Je continue mon observation avec la classe 32, ils continuent leur pub en cours de français, je révise ma 3e langue en cours d’espagnol. En même temps d’être surpris par mes restes de compréhension écrite et orale, je suis étonné par leur niveau dès leur 1e année d’apprentissage, après juste 6 mois de cours. Mais, il n’y a pas de secret, le manuel est entièrement en espagnol et la prof parle quasiment tout le temps dans la langue enseignée et une dynamique de cours d’activités courtes en tous genres qui sollicitent différents aspect tout en apprenant. Petit point qui m’interroge, quand ils doivent faire un article pour le « docteur du cœur », les élèves parlent vraiment des sujets qui les préoccupent : timidité de sentiments, problème de couple, mais aussi : comment dire à ses parents qu’on est lesbienne, mon frère se drogue, un ami qui a fait une tentative de suicide, un père alcoolique à la maison, manque d’attention de la part des parents, cas de grossesse.
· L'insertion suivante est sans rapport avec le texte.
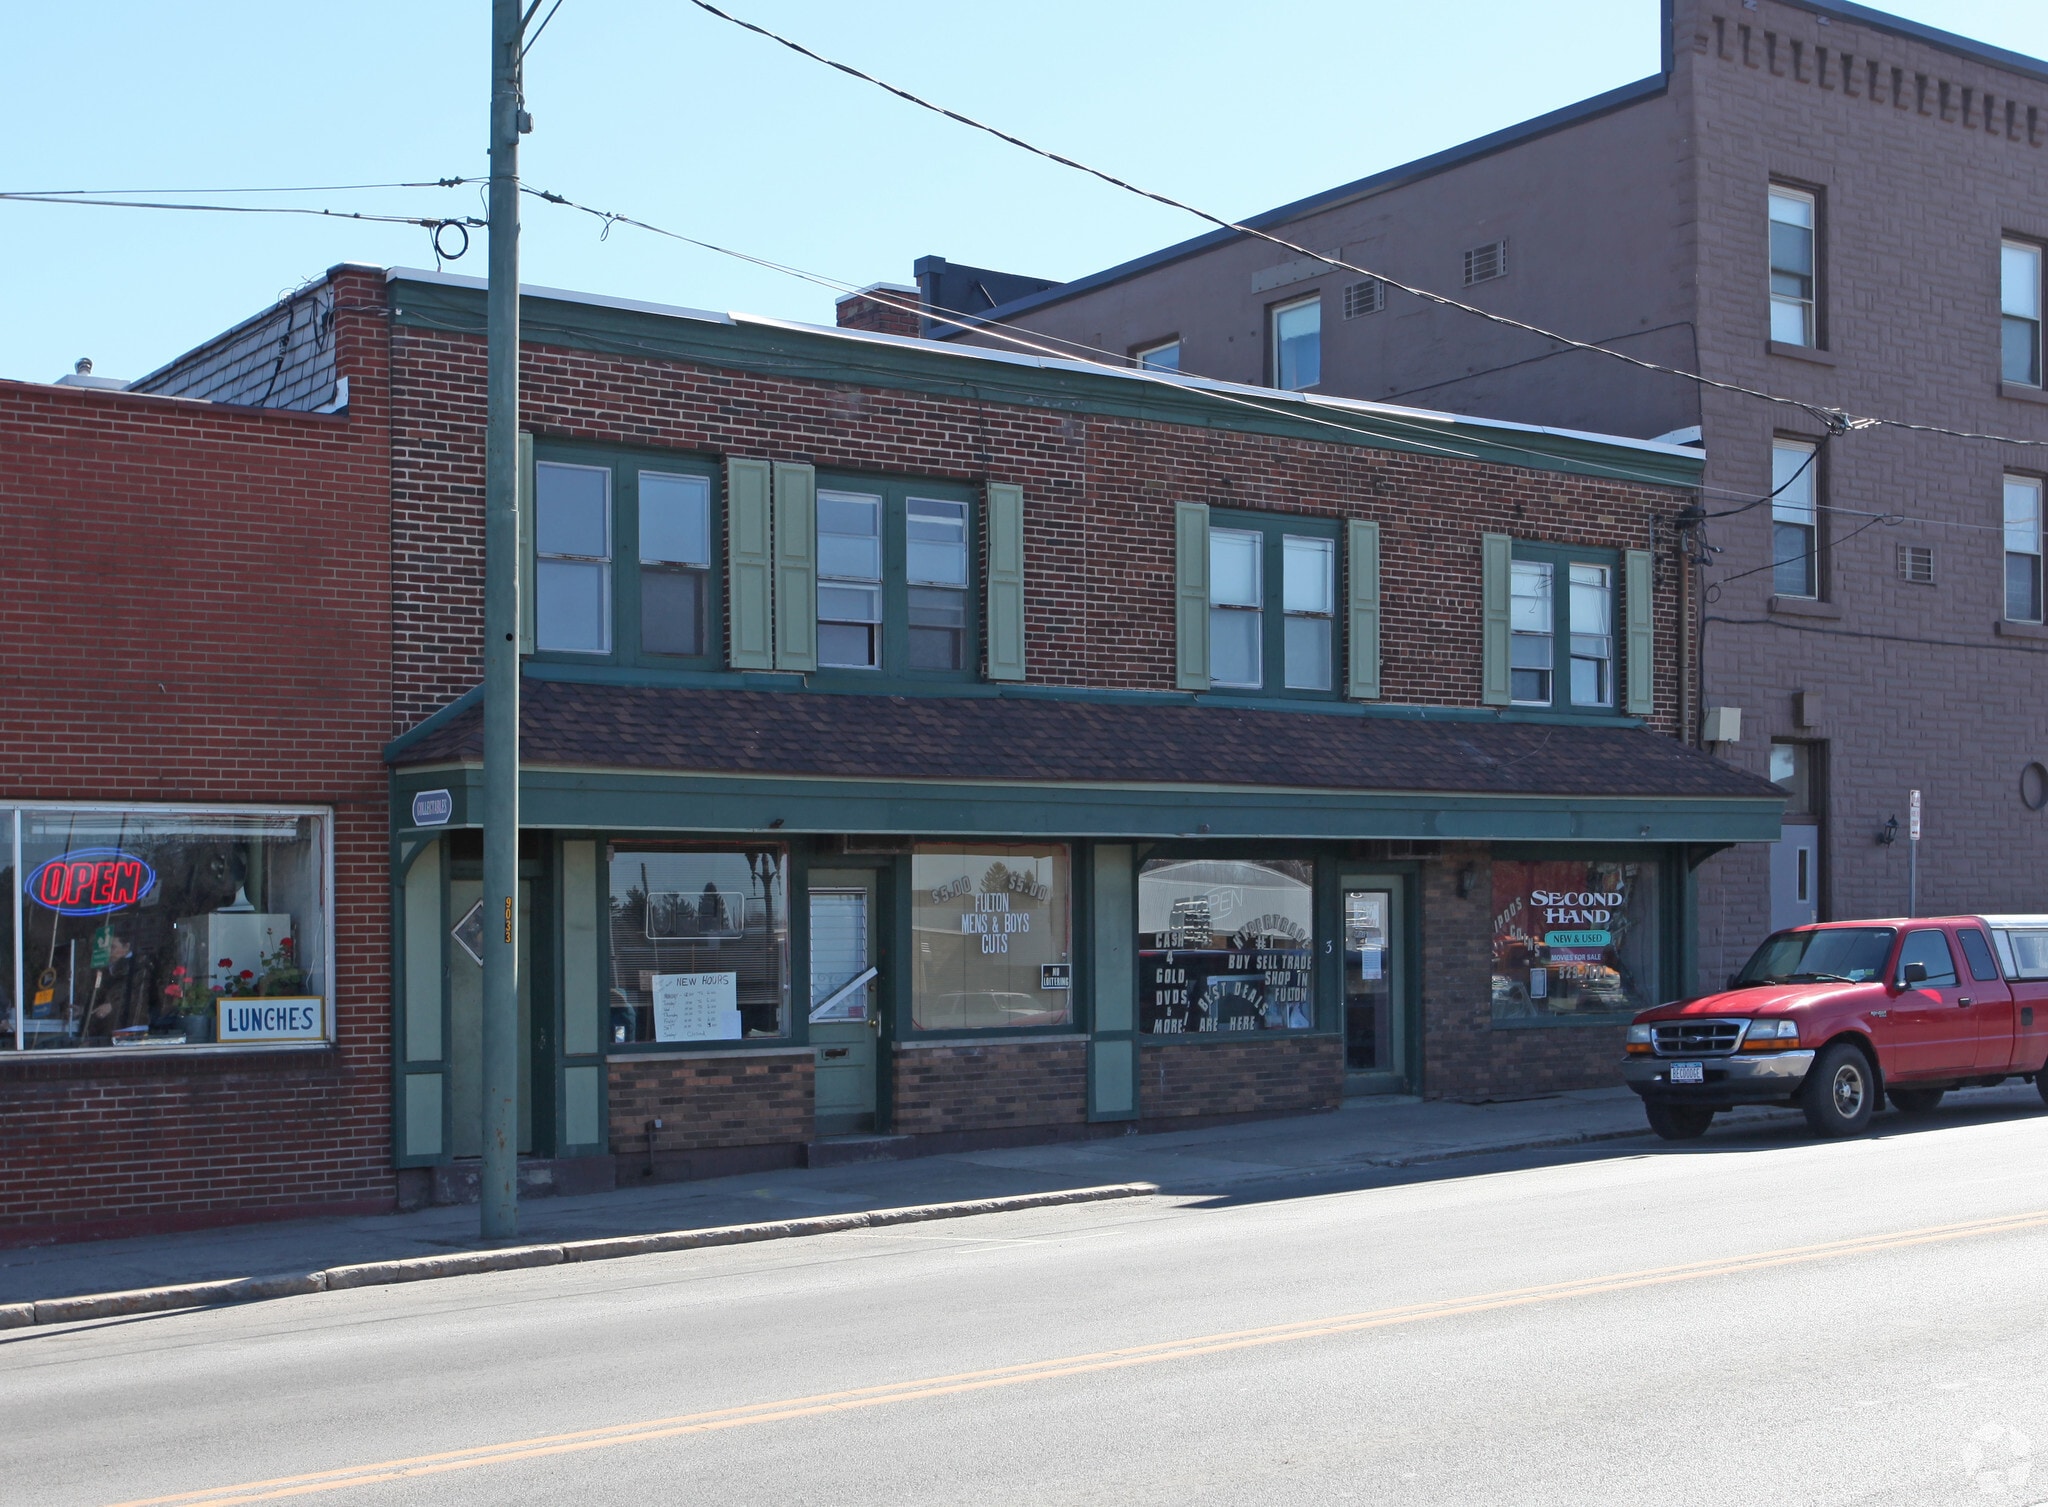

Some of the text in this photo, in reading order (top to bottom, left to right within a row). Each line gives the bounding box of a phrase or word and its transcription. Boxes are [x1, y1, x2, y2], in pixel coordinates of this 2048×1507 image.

[40, 862, 141, 905] OPEN
[931, 875, 972, 905] $5.00
[1008, 876, 1048, 902] $5.00
[975, 892, 1009, 913] FULTON
[1530, 889, 1623, 907] SECOND
[504, 896, 512, 943] 9033
[961, 913, 1030, 934] MENS & BOYS
[1543, 908, 1611, 924] HAND
[1155, 932, 1184, 948] CASH
[1232, 914, 1312, 950] HYPERTRADE
[1553, 934, 1603, 943] NEW & USED
[981, 933, 1008, 954] CUTS
[1166, 950, 1174, 965] 4
[1228, 954, 1312, 970] BUY SELL TRADE
[1586, 953, 1601, 961] SALE
[676, 974, 729, 987] NEW HOURS
[1264, 970, 1291, 986] SHOP
[1198, 981, 1269, 1016] BEST DEALS
[1275, 987, 1307, 1002] FULTON
[228, 1006, 314, 1032] LUNCHES
[1199, 1016, 1256, 1032] ARE HERE
Même si c’est sensé être des articles fictifs, le sujet n’est pas tabou et préoccupe pas mal déjà les secondaires 3, (les 3e en France). Et oui, ça n’épargne personne.
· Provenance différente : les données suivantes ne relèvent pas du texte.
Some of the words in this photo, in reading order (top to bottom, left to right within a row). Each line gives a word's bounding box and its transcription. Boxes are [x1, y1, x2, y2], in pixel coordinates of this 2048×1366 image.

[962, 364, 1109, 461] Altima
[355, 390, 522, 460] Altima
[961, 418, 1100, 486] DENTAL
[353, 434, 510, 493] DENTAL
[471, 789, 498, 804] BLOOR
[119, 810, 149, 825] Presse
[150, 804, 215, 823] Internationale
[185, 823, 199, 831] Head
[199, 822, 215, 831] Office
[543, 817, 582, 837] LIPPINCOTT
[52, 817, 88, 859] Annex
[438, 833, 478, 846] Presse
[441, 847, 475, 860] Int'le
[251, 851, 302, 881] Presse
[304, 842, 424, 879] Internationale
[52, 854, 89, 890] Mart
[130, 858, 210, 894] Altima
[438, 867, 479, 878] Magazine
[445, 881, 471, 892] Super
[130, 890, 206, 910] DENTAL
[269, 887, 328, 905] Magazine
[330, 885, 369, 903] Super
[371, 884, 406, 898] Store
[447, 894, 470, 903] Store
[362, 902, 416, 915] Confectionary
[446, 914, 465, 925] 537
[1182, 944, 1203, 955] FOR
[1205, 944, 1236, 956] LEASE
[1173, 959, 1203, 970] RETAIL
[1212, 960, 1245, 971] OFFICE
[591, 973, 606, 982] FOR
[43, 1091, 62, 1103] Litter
Après le repas, je retrouve mon prof d’histoire que j’aime beaucoup. Toujours très orateur mais en même temps, très à l’écoute des élèves pour leur faire comprendre l’histoire de leur pays, je m’interroge. Le fait que la classe soit très silencieuse et à l’écoute en posant des questions, je me dis que c’est un bon cours mais qu’on est complètement dans un rapport frontal : le prof qui sait qui donne aux élèves. Mais raconté de la sorte, ça passe très bien. Alors, faut-il vraiment oublier le rapport frontal ? Laisser chercher les élèves comme voudraient certains ? Ou faut-il revoir la formation pour certaines disciplines ? Un mix des deux sortes de cours serait la solution ? Peut-être aura-t-on un jour la réponse, pour l’instant je laisse la réflexion en moi.
Je finis l’après-midi, avec un cours de science remplacé par une intervention sur la drogue. Un policier qui vient dire ce qu’il en est et son expérience. Je trouve cela adapté avec l’accentuation sur le choix au moment où on t’en propose avec le fait de bien mesurer les conséquences que ça peut impliquer après. Mais je dirai tout de même que ça manque d’un temps de réflexion sur pourquoi on peut être amené à prendre de la drogue et ce qu’il faut faire avant.
Je termine ma journée en finissant ma vidéo pour le TWAM. Content, je me couche. A demain.